FJRG2007 By FJRG2007 schedule Updated 6/5/2026

name: code-review-policy description: Pre-delivery self-review gate and prioritized review dimensions (security, correctness, data integrity, reuse, performance, readability) with change-quality criteria. Use BEFORE declaring any code change complete, and when asked to review a diff, PR, or branch.

Code Review Policy (Self-Review & Quality Gate)

Activation Scope

  • Apply before delivering any code change, and whenever the user asks to review a diff, PR, or branch.
  • Owns the self-review gate and review dimensions. Commit/PR mechanics live in git-policy; bug-hunting methodology lives in debugging-policy.

Core Principle

  • Review your own change before presenting it as done. The diff is the deliverable; read it as a reviewer would.
  • Optimize the review for the reader: small, focused, and easy to reason about.
  • Report findings honestly, including ones you chose not to fix and why.

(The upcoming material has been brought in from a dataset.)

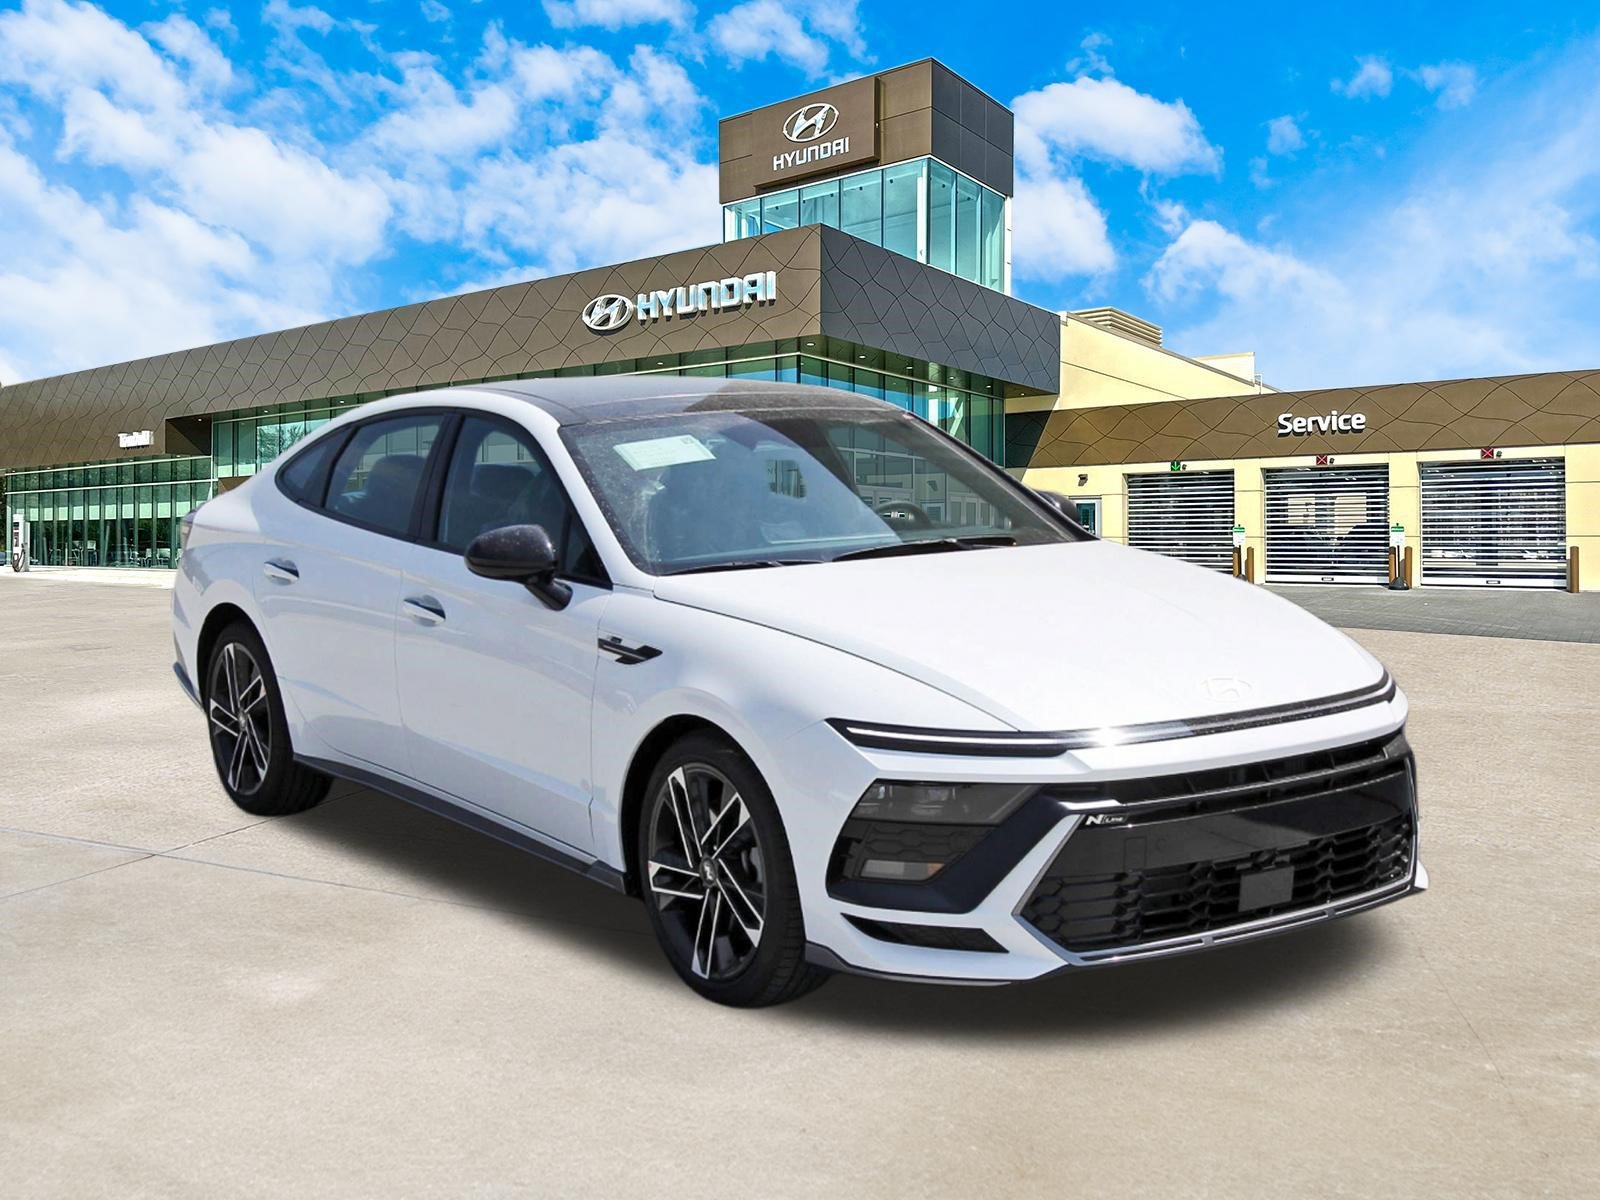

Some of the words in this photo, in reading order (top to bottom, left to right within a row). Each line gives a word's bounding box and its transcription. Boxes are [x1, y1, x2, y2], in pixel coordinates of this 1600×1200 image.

Pre-Delivery Self-Review (Mandatory)

Before declaring a change complete, verify:

  1. The change does exactly what was asked - no more, no less.
  2. The full diff was re-read; no debug code, stray logs, commented-out blocks, or TODOs left behind.
  3. Only relevant files are touched; unrelated changes are removed.
  4. No secrets, credentials, or sensitive data are included.
  5. Existing patterns, naming, and structure are followed (per core-engineering-policy).
  6. Tests exist and pass for the changed behavior (per testing-policy).

Review Dimensions

Evaluate every change across these dimensions, in priority order:

  1. Security: untrusted input, injection, authz/authn, secret exposure, least privilege.
  2. Correctness: logic, edge cases, error/failure paths, concurrency, off-by-one, null handling.
  3. Data integrity: transactions, consistency, and the database-expert rules when persistence is involved.
  4. Reuse & architecture: duplication, single responsibility, fit with existing modules.
  5. Performance & scalability: N+1 queries, unnecessary work in hot paths, allocation in loops.
  6. Readability & maintainability: clear naming, reasonable function size, self-documenting code.
  7. Style: formatting and conventions (lowest priority).

Finding Quality

  • Be specific: point to the exact location and explain the concrete impact, not vague concerns.
  • Separate must-fix (correctness, security) from nice-to-have (style, minor refactor).
  • Prefer high-confidence findings; flag uncertain ones explicitly as uncertain.
  • Suggest a concrete fix or direction, not just a complaint.
  • Do not invent issues to appear thorough; "no issues found" is a valid result.

Change Quality Gate

A change should not be delivered if it:

  • Introduces a security or data-integrity risk.
  • Breaks or skips tests, or ships untested critical behavior.
  • Duplicates logic that already exists, or stores duplicated/derivable data without justification.
  • Mixes unrelated concerns in one change.
  • Leaves the codebase less consistent than it found it.